How do I become a dental hygienist?

In Ontario, all dental hygienists must have a degree or diploma from one of the dental hygiene programs accredited by the Commission on Dental Accreditation of Canada. Currently in Ontario, there are 18 colleges across the province that run accredited programs.

In addition to the successful completion of an accredited dental hygiene program, students must pass a written and may be required to pass a clinical entry-to-practice examination. The written exam is administered by the National Dental Hygiene Certification Board (NDHCB) and the clinical competency exam is typically administered by the regulatory college.

Dental hygienists with a completed diploma or degree who have not practised in the dental hygiene field within the last three years may be required to complete a clinical refresher course or a competency assessment in order to work.

Once an aspiring dental hygienist completes their education and regulatory assessments, they must register with the provincial or territorial dental hygiene regulatory authority. In Ontario practising dental hygienists are then monitored by the College of Dental Hygienists of Ontario’s (CDHO) Quality Assurance Program to ensure that they are practising safely and effectively.

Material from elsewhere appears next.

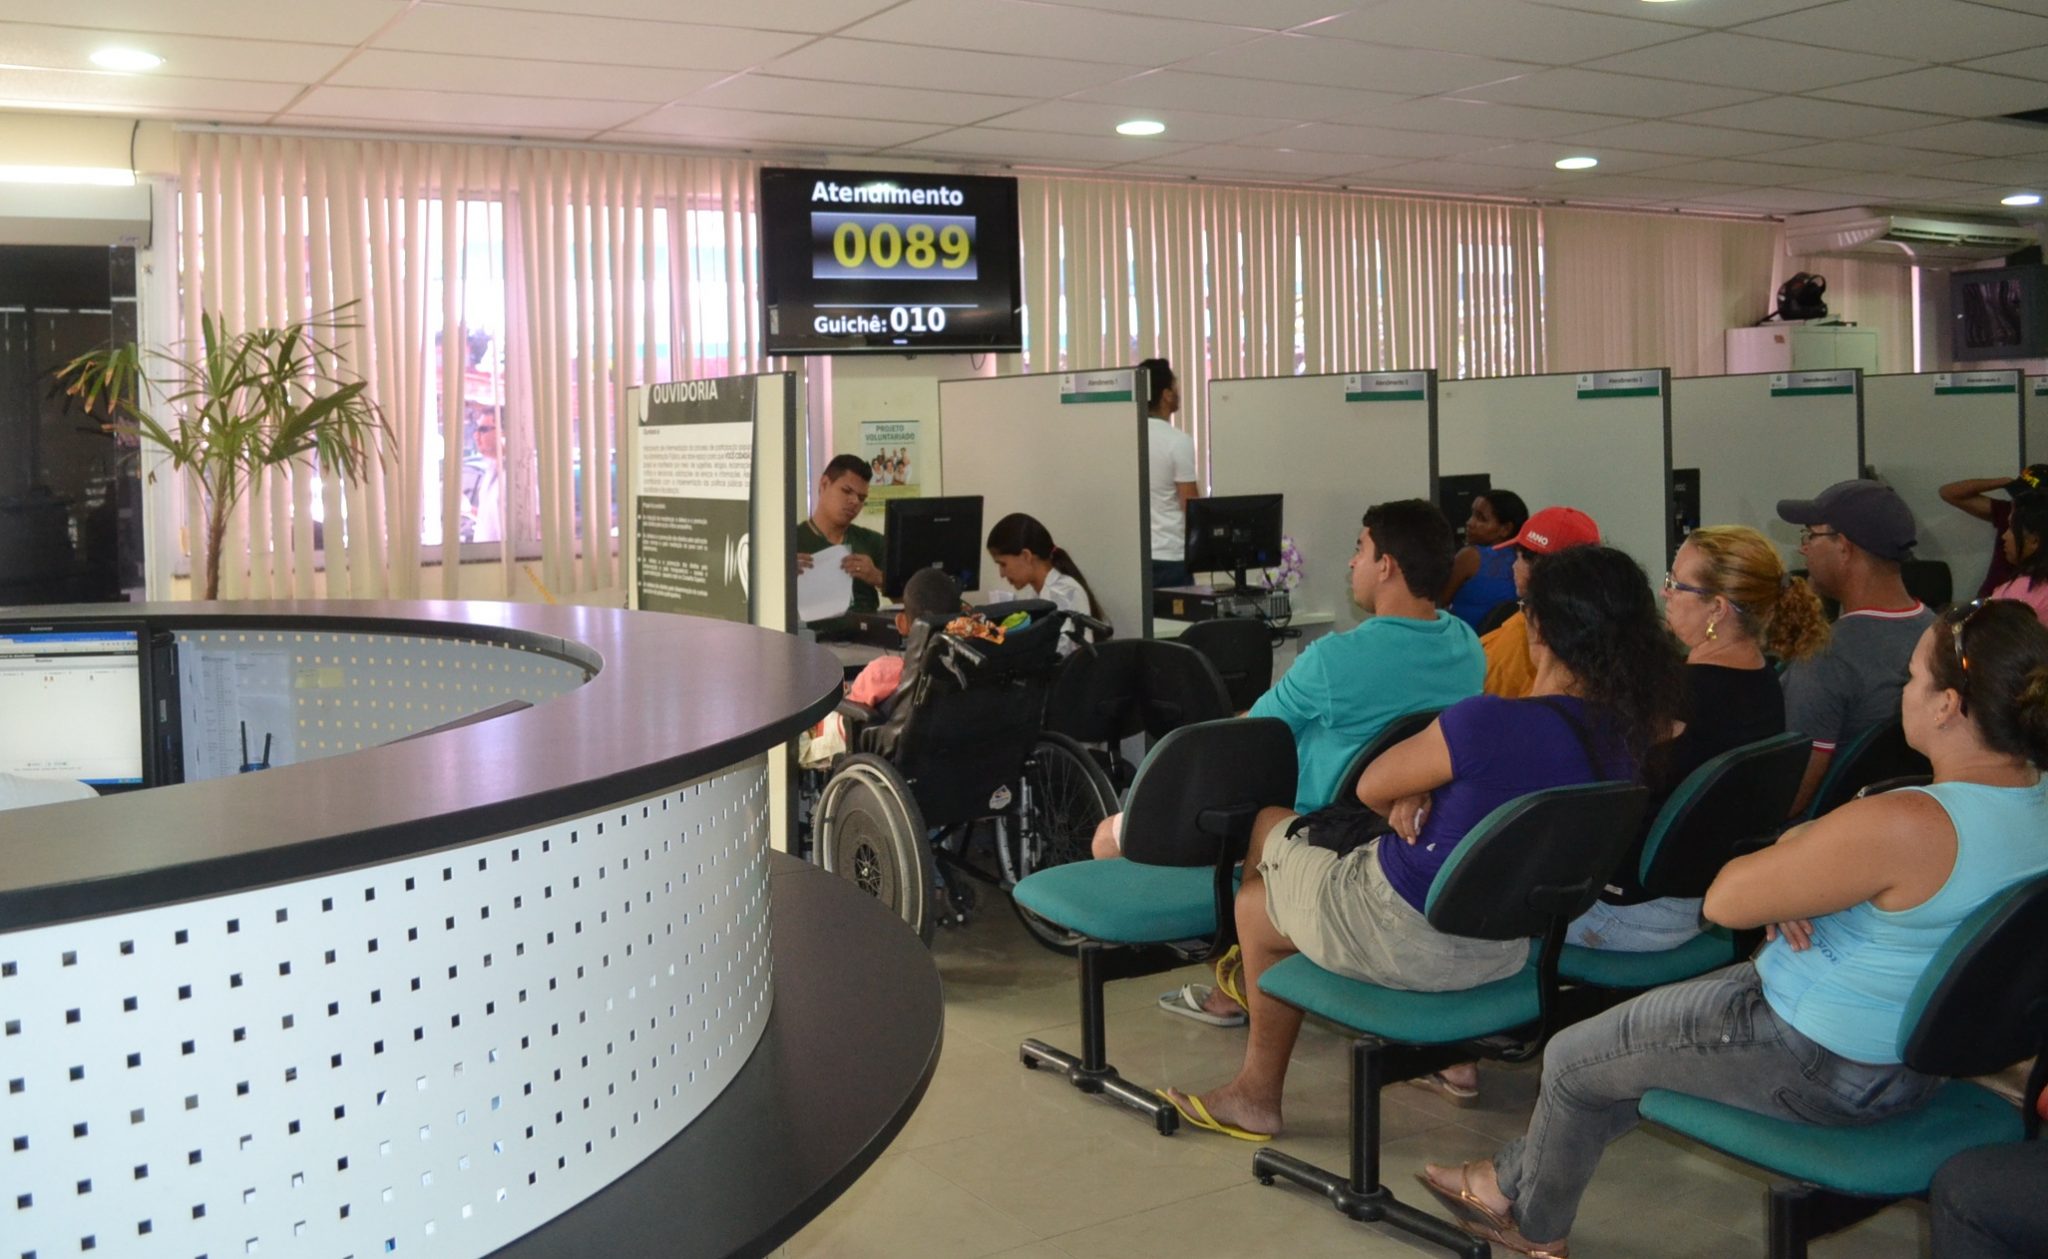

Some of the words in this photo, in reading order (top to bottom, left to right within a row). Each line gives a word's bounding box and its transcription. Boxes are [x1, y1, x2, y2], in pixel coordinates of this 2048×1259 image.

Professional development is required to keep dental hygienists familiar with evolving standards and practices.

Career Options

For the most part, dental hygienists work within dental offices, cleaning teeth, checking for signs of decay and disease and managing oral health. While the services a dental hygienist can perform differ by province and territory, such as the ability to administer local anesthesia, all dental hygienists have the education and credentials to specialize in preventive oral care, but they are not limited to that only.

Click here for some of the career options available for dental hygienists.

Student Loans and Grants

Dental hygiene students across Canada have a wealth of financial aid options available to them. One of the first steps for aspiring dental hygiene students should be to explore the grants, bursaries, scholarships, and awards available at the college or colleges of their choice. Since the requirements for these vary from college to college, it’s always wise to look at several potential colleges as the specific award eligibility may help determine which college to attend.

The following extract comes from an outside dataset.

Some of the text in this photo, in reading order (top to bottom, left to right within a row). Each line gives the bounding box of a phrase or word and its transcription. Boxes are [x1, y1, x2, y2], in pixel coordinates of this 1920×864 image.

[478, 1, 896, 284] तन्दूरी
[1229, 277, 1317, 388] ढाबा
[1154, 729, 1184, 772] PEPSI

Click here for a list of accredited dental hygiene programs in Ontario and links to each college’s financial aid section of their website if available.

Ontario Student Assistance Program (OSAP)

One of the most common routes for students is to take advantage of the government assistance programs available in each of the provinces and territories, such as Ontario Student Assistant Program (OSAP) in Ontario. Most of these programs offer zero-interest loans while studying, and upon graduation the loan becomes interest bearing at standard rates.

For more information, please visit: https://www.ontario.ca/page/osap-ontario-student-assistance-program

Student Loans from Financial Institutions

Another option for dental hygiene students is to apply for a student loan through a financial institution. Since dental hygiene is a professional designation program, many students looking for financial aid have a valuable funding option available to them from Canadian banks. The positive career potential in the dental hygiene profession offers competitive salaries and favourable growth, which, in turn, makes student loans a lower risk for the bank than most college and university programs.